One of the largest sources of pain from circular imports is caused when you need to export an interface on the webservice. Generally, the only way around this is to specify generic types (like the plain old Interface) at declaration time and then later patch the webservice’s data structures at the bottom of the interface file.

Fortunately there are some helper functions to make this less painful, in lib/lp/services/webservice/apihelpers.py. These are simple functions where you can give some info about your exported class/method/parameters and they do the rest for you.

For example:

from lp.services.webservice.apihelpers import (
    patch_entry_return_type,
    patch_collection_return_type,
)
patch_collection_return_type(
    IArchive, "getComponentsForQueueAdmin", IArchivePermission
)
patch_entry_return_type(IArchive, "newPackageUploader", IArchivePermission)

Properties

Properties are expected to be cheap operations. It is surprising if a property is not a cheap operation. For expensive operations use a method, usually named getFoo(). Using cachedproperty provides a work-around but it should not be overused.

Truth conditionals

Remember that False, None, [], and 0 are not the same although they all evaluate to False in a boolean context. If this matters in your code, be sure to check explicitly for either of them.

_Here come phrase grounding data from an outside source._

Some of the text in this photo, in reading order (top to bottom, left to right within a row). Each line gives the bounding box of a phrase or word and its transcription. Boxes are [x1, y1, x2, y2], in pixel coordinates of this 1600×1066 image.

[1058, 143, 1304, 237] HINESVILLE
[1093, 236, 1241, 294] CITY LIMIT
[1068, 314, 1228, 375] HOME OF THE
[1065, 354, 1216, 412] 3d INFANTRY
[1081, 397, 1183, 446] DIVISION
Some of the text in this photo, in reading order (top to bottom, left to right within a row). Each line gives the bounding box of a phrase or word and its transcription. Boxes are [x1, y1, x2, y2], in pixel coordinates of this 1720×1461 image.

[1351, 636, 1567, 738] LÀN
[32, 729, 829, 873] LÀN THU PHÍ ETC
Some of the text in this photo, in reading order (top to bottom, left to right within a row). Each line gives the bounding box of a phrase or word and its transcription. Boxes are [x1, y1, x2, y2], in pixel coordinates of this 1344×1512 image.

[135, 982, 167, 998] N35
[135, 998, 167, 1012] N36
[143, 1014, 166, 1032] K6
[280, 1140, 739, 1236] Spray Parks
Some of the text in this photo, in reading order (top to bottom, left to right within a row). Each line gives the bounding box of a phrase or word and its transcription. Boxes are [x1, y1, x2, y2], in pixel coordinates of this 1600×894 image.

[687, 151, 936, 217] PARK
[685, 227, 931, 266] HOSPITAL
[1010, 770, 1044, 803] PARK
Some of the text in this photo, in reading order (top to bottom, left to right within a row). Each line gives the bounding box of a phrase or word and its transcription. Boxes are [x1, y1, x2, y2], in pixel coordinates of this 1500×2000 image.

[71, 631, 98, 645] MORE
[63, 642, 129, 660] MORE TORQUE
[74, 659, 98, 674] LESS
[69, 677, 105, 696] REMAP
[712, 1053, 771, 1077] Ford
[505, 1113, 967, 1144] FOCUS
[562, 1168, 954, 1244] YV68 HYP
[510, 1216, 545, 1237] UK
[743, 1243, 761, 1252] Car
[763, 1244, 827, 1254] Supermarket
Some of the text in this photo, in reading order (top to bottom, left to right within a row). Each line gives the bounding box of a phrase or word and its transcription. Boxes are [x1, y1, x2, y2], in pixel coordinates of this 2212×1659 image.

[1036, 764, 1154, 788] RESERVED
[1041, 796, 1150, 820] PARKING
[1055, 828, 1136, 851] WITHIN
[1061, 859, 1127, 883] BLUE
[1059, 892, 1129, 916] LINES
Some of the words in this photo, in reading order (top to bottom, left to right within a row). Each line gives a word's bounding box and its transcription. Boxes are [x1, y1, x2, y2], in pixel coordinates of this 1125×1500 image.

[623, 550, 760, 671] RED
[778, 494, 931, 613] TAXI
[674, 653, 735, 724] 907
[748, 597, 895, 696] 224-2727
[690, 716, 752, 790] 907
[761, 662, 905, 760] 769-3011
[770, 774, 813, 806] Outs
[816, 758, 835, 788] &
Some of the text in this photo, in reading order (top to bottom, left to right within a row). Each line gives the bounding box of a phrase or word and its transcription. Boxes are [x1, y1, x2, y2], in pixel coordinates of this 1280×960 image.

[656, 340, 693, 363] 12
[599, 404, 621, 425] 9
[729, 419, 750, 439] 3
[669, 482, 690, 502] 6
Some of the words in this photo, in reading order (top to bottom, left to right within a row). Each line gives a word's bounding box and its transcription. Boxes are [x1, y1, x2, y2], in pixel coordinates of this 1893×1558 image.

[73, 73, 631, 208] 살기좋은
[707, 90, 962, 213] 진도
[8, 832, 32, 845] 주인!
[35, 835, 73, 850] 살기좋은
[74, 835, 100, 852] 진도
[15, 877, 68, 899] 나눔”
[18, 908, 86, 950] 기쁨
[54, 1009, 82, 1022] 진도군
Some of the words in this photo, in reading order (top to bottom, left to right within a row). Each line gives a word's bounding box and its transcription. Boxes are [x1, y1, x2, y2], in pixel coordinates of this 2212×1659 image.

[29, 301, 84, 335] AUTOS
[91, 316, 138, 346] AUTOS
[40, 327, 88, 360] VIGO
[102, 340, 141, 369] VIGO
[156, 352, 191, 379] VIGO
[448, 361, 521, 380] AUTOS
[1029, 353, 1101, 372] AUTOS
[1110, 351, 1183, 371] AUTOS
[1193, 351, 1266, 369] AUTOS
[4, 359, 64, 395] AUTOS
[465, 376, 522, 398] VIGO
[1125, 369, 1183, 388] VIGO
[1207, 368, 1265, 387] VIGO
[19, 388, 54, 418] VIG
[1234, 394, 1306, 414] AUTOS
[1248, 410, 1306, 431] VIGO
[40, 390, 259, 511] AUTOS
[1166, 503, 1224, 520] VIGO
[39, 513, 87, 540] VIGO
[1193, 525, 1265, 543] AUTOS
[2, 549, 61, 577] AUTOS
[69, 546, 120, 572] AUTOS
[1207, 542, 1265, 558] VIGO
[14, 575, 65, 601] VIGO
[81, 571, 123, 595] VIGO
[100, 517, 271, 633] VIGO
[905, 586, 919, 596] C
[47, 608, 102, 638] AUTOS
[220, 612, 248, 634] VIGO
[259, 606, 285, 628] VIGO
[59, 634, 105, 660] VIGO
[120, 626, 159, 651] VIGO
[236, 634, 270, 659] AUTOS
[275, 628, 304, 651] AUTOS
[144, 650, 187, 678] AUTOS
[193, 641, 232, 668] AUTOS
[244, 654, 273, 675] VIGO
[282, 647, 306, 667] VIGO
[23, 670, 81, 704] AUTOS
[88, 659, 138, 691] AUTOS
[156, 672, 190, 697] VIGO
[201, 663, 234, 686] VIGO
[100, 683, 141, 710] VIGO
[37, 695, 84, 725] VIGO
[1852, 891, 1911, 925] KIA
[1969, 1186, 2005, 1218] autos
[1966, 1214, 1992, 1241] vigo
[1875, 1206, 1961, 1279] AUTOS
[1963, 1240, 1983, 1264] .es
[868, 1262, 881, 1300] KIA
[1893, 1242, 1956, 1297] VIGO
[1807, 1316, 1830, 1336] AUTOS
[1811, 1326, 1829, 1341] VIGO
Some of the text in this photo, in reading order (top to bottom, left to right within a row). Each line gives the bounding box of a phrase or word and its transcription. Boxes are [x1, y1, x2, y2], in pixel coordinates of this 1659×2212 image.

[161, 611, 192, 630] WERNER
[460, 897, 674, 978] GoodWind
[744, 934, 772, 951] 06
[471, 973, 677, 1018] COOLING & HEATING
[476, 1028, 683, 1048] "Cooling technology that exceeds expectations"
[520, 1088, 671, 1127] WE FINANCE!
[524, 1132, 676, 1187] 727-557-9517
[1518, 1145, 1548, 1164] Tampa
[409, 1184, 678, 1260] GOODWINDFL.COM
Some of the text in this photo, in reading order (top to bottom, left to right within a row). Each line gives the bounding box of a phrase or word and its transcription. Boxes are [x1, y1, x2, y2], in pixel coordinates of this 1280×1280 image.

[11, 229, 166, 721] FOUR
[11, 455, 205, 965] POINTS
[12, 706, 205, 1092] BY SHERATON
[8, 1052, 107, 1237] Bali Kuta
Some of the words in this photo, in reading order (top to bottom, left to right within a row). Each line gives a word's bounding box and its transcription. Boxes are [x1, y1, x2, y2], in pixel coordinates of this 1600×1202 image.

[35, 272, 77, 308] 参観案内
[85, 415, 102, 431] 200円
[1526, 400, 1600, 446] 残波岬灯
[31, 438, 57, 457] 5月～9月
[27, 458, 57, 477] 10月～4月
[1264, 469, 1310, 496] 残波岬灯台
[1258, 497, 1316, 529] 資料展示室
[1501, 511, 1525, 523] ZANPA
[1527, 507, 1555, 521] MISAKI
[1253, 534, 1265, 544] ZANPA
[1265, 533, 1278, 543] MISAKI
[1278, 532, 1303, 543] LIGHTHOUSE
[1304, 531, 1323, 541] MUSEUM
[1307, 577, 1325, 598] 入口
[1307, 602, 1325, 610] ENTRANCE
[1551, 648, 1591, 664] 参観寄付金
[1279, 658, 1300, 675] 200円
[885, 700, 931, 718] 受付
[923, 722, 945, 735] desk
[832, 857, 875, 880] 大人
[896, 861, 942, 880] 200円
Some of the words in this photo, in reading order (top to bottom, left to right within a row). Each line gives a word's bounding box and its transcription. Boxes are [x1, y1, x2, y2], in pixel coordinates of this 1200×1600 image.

Also, checking the length may be an expensive operation. Casting to bool may avoid this if the object specializes by implementing __bool__.

Chaining method calls

Since in some cases (e.g. class methods and other objects that rely on descriptor __get__() behaviour) it’s not possible to use the old style of chaining method calls (SuperClass.method(self, ...)), we should always use the super() builtin when we want that.

Note

The exception to this rule is when we have class hierarchies outside of our control that are known not to use super() and that we want to use for diamond-shaped inheritance.

Use of lambda, and operator.attrgetter

Prefer operator.attrgetter to lambda. Remember that giving functions names makes the code that calls, passes and returns them easier to debug.

Creating temporary files

We should use the most convenient method of the tempfile module. Never taint /tmp/ or any other “supposed to be there” path.

Despite being developed and deployed on Ubuntu systems, turning it into a restriction might not be a good idea.

When using tempfile.mkstemp remember it returns an open file descriptor which has to be closed or bound to the open file, otherwise they will leak and eventually hit the default Linux limit (1024).

There are two good variations according to the scope of the temporary file.

fd, filename = mkstemp()
os.close(fd)
...
act_on_filename(filename)

Or:

fd, filename = mkstemp()
with os.fdopen(fd, "w") as temp_file:
    ...
    temp_file.write("foo")

Never use:

fd, filename = mkstemp()
with open(filename) as temp_file:
    temp_file.write("foo")
# BOOM! 'fd' leaked.

In tests, you should use the TempDir fixture instead, which cleans itself up automatically:

from fixtures import TempDir

class TestFoo(TestCase):
...
    def test_foo(self):
        tempdir = self.useFixture(TempDir).path
        ...
        do_something(os.path.join(tempdir, "test.log"))
        ...

Configuration hints

Vim

To make wrapping and tabs fit the above standard, you can add the following to your .vimrc:

autocmd BufNewFile,BufRead *.py set tw=78 ts=4 sts=4 sw=4 et

To make trailing whitespace visible:

set list
set listchars=tab:>.,trail:-

This will also make it obvious if you accidentally introduce a tab.

To make long lines show up:

match Error /\%>79v.\+/

For an even more in-depth Vim configuration, have a look at UltimateVimPythonSetup for a complete vim file you can copy to your local setup.

Emacs

There are actually two Emacs Python modes. Emacs comes with python.el which has some quirks and does not seem to be as popular among hardcore Python programmers. python-mode.el comes with XEmacs and is supported by a group of hardcore Python programmers. Even though it’s an add-on, it works with Emacs just fine.